▶ **Work item**
Could you restate exactly the lines that begin at the line with "this 1875×1250 image." and end at the final line of the data?

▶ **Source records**
---+---

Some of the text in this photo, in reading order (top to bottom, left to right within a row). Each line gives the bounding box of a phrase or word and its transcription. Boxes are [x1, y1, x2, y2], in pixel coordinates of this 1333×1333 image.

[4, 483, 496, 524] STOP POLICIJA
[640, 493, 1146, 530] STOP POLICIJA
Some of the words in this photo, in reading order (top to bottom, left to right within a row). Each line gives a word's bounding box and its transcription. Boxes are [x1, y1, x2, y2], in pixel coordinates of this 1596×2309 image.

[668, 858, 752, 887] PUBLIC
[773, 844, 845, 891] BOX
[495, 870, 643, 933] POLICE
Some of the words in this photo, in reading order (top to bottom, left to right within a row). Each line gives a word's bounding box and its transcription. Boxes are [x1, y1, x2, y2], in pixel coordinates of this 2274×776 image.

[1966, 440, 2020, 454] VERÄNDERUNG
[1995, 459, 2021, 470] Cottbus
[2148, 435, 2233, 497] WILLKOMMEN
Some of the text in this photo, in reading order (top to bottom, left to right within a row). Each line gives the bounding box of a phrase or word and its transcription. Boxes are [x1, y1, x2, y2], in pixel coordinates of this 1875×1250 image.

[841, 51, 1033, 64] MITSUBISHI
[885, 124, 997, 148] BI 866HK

---+---

▶ **Written solution**
Some of the text in this photo, in reading order (top to bottom, left to right within a row). Each line gives the bounding box of a phrase or word and its transcription. Boxes are [x1, y1, x2, y2], in pixel coordinates of this 1875×1250 image.

[841, 51, 1033, 64] MITSUBISHI
[885, 124, 997, 148] BI 866HK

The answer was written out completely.